*** Begin section ***
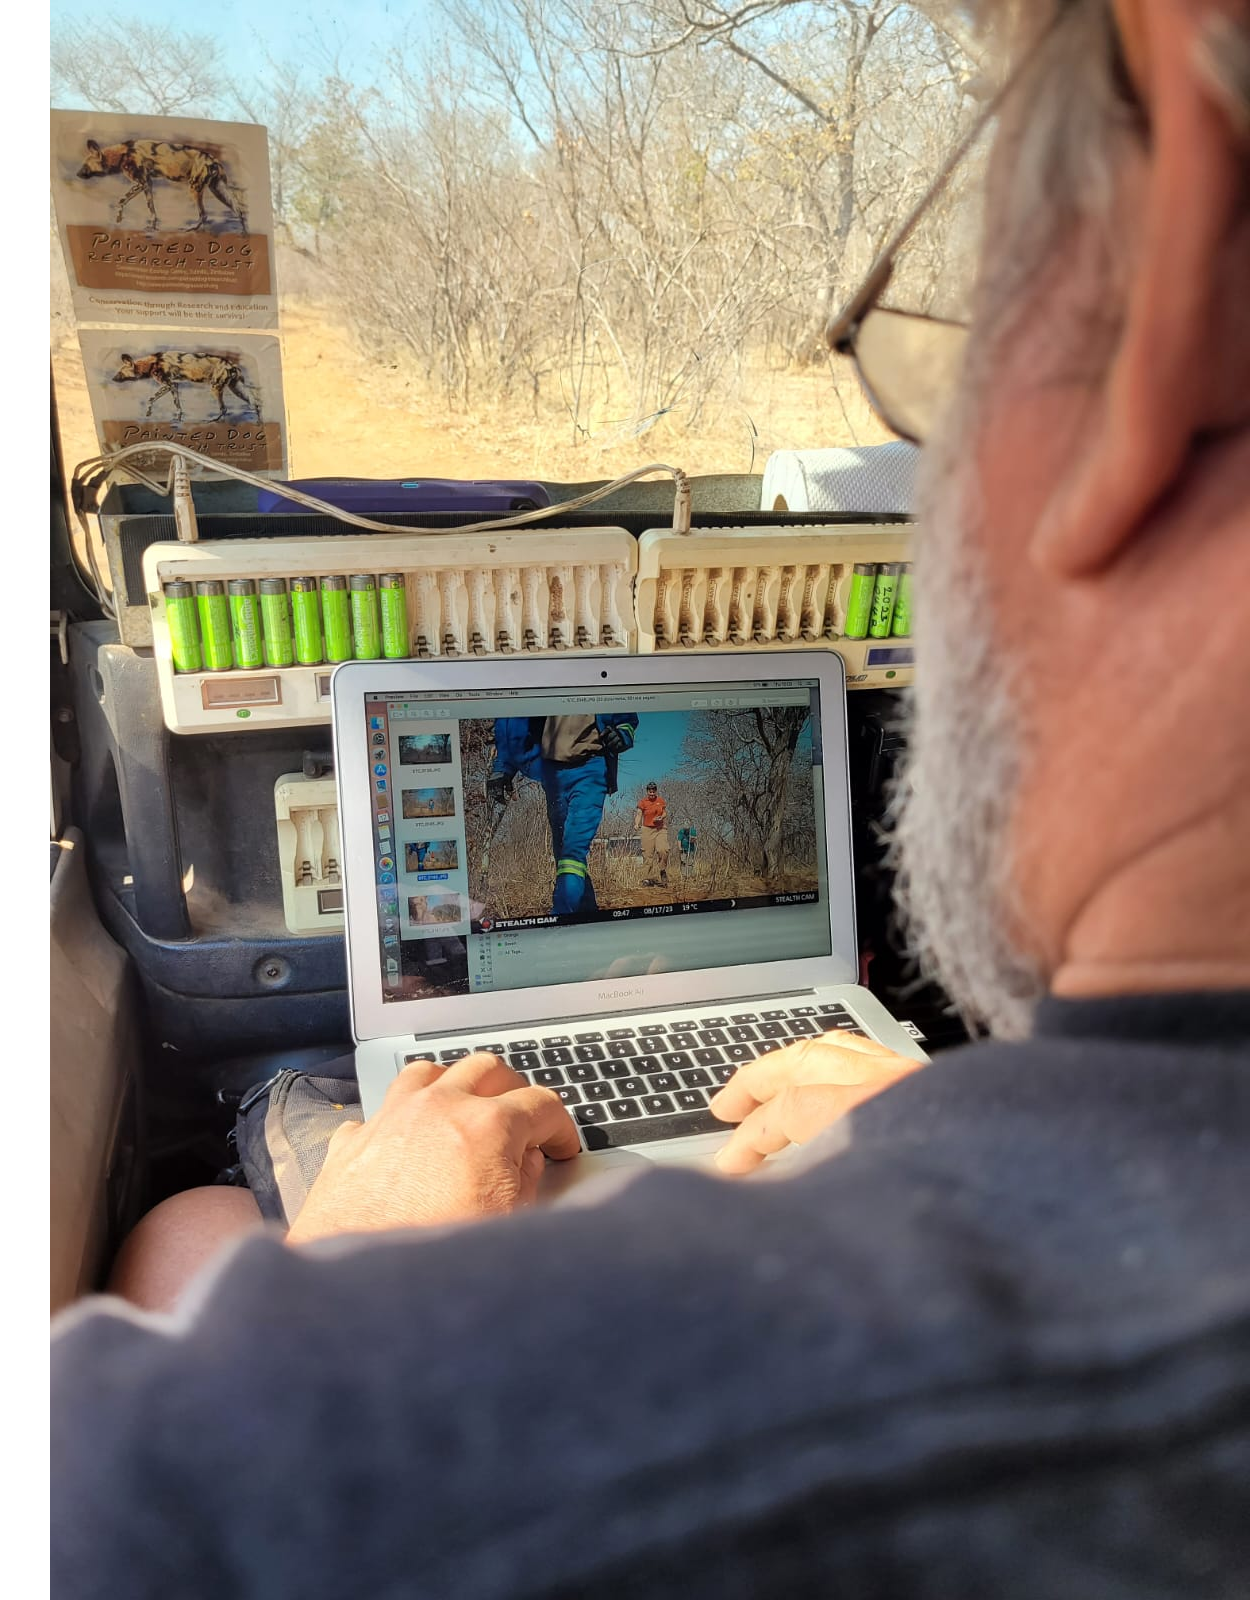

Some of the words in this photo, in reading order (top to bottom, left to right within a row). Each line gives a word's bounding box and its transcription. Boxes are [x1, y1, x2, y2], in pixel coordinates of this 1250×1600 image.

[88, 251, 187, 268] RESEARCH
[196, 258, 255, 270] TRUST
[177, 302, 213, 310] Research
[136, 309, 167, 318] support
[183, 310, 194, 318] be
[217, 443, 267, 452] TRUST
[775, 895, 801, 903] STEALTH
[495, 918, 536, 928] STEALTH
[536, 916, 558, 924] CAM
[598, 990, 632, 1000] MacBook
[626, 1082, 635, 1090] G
*** End section ***
**YOUR GOAL**. Return the lines above exactly; the images are not part of the copy.

**SOLUTION TO THIS TASK**.
Some of the words in this photo, in reading order (top to bottom, left to right within a row). Each line gives a word's bounding box and its transcription. Boxes are [x1, y1, x2, y2], in pixel coordinates of this 1250×1600 image.

[88, 251, 187, 268] RESEARCH
[196, 258, 255, 270] TRUST
[177, 302, 213, 310] Research
[136, 309, 167, 318] support
[183, 310, 194, 318] be
[217, 443, 267, 452] TRUST
[775, 895, 801, 903] STEALTH
[495, 918, 536, 928] STEALTH
[536, 916, 558, 924] CAM
[598, 990, 632, 1000] MacBook
[626, 1082, 635, 1090] G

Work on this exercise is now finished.